Hableh

Hableh
Other transcription(s)
  Arabic حبله
  Also spelled Hable, Habla, Hablah, Hibla, Hiblah (unofficial)
Hableh, 2013
Hableh
Location of Hableh within Palestine
Coordinates: 32°09′53″N 34°58′38″E / 32.16472°N 34.97722°E / 32.16472; 34.97722Coordinates: 32°09′53″N 34°58′38″E / 32.16472°N 34.97722°E / 32.16472; 34.97722
Palestine grid 148/174
Governorate Qalqilya
Government
  Type Municipality
Area
  Jurisdiction 10,900[1] dunams (10.9 km2 or 4.2 sq mi)
Elevation[2] 71-159 m (−451 ft)
Population (2007)
  Jurisdiction 6,016
Name meaning "pregnant"[3]

Hableh (Arabic: حبله, also transliterated Hable, Habla, Hablah, Hibla, Hiblah) is a Palestinian village located in the Qalqilya Governorate in the northwestern West Bank. According to the Palestinian Central Bureau of Statistics (PCBS) census, the town had a population of 6,016 in 2007.[4]

Location

Habla is located just east of the Green Line, about 1-mile (1.6 km) southeast of the Palestinian town of Qalqilya as the crow flies, in the West Bank.[5][6] It is bordered by Al Mudawwar to the east and south; Ras ‘Atiya and ‘Izbat Jalud to the south, the Green Line to the west, and Qalqiliya, Wadi ar Rasha and Ras at Tira to the north.[2]

History

About a dozen tombs, with loculi have been found, together with cisterns. The type of tombs indicate that they are Christian.[7] Ancient remains of a mosque and houses have been found in the village.[8]

In 1265, Hableh was among the villages and estates sultan Baibars allocated to his amirs after he had expelled the Crusaders. Hableh was divided equally between three of his amirs: 'Izz al-Din Aidamur al-Zahiri, na'ib of Kerak, Jamal al-Din Aqush, and Shams al-Din Sunqur Jah al-Zahiri.[9]

Ottoman era

During the period of Ottoman rule over Palestine, Hableh appeared in Ottoman tax registers in 1596, where it is listed as forming part of the Nahiya of Jabal Qubal in the Liwa of Nablus. It had a population of 41 Muslim households. The villagers paid a fixed tax rate of 33,3% on various products, such as wheat, barley, summer crops, olive trees, goats and beehives, in addition to "occasional revenues" and a press for olive oil or grape syrup; a total of 3,800 akçe. 2/3 of the revenue went to a Waqf.[10]

Pierre Jacotin called the village Hableh on his map in 1799.[11] In 1838 Hableh was noted as a Muslim village, in Jurat Merda, south of Nablus.[12]

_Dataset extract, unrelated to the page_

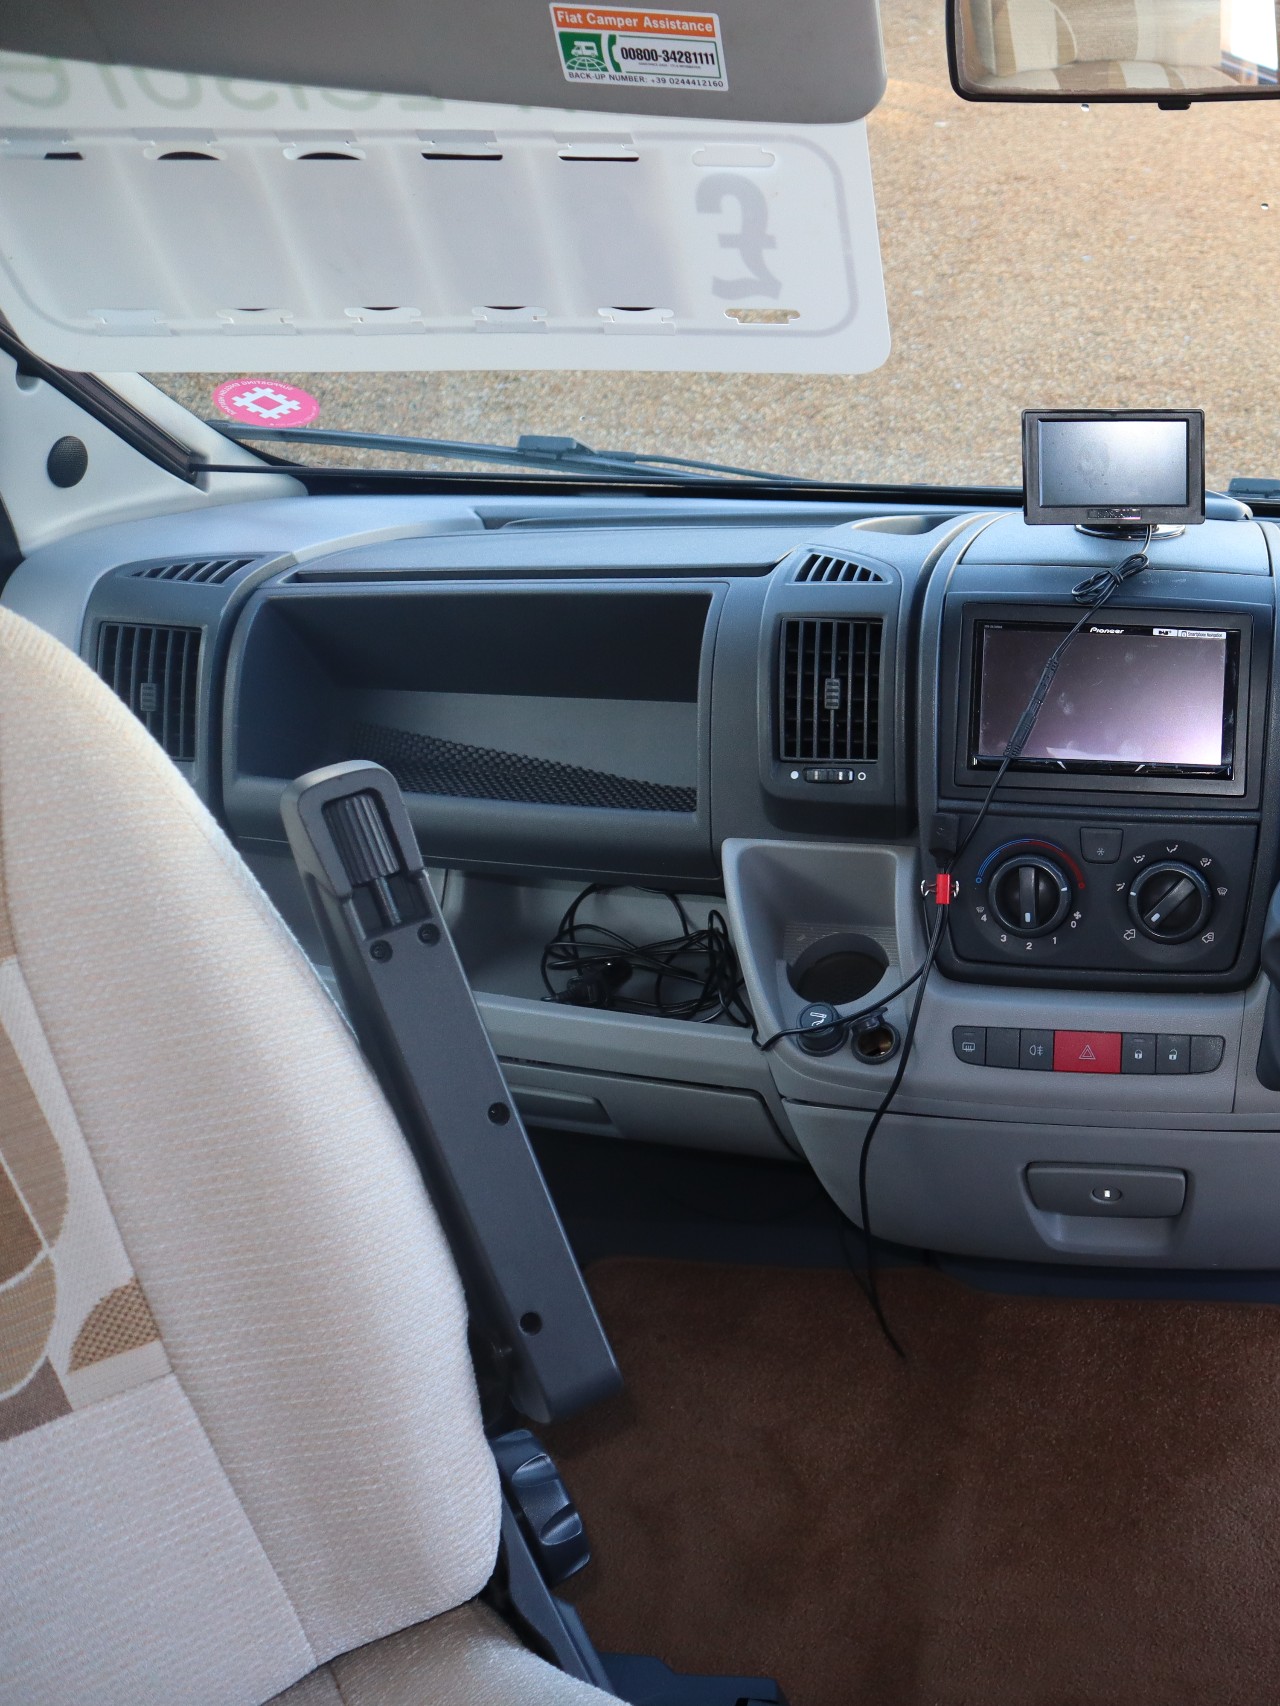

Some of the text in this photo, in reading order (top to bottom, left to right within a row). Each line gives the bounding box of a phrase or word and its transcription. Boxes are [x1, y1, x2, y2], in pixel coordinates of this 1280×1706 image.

Edward Robinson and Eli Smith visited Hableh in the mid-19th century and describe it as being situated along the southern side of a low rocky ridge overlooking a plain on which could be seen the villages of Kilkilieh, Kfer Saba, Jiljulieh, and Ras al Ain.[13] Camping on the ground to the south of the village and north of a wali on a low rocky hill, Robinson and Smith found themselves surrounded by cisterns dug into the rock.[13][14] Most of these had round openings, some with one or two steps by which one could descend into them to draw water. All appeared to be ancient, and only one was still in use.[13] There was also a sepulcher with an arched vault and an ancient wine press made up of two vats, one shallower and smaller than the other in which grapes would have been trodden with the juice going down through a hole to the larger, deeper vat directly adjacent and slightly below.[13]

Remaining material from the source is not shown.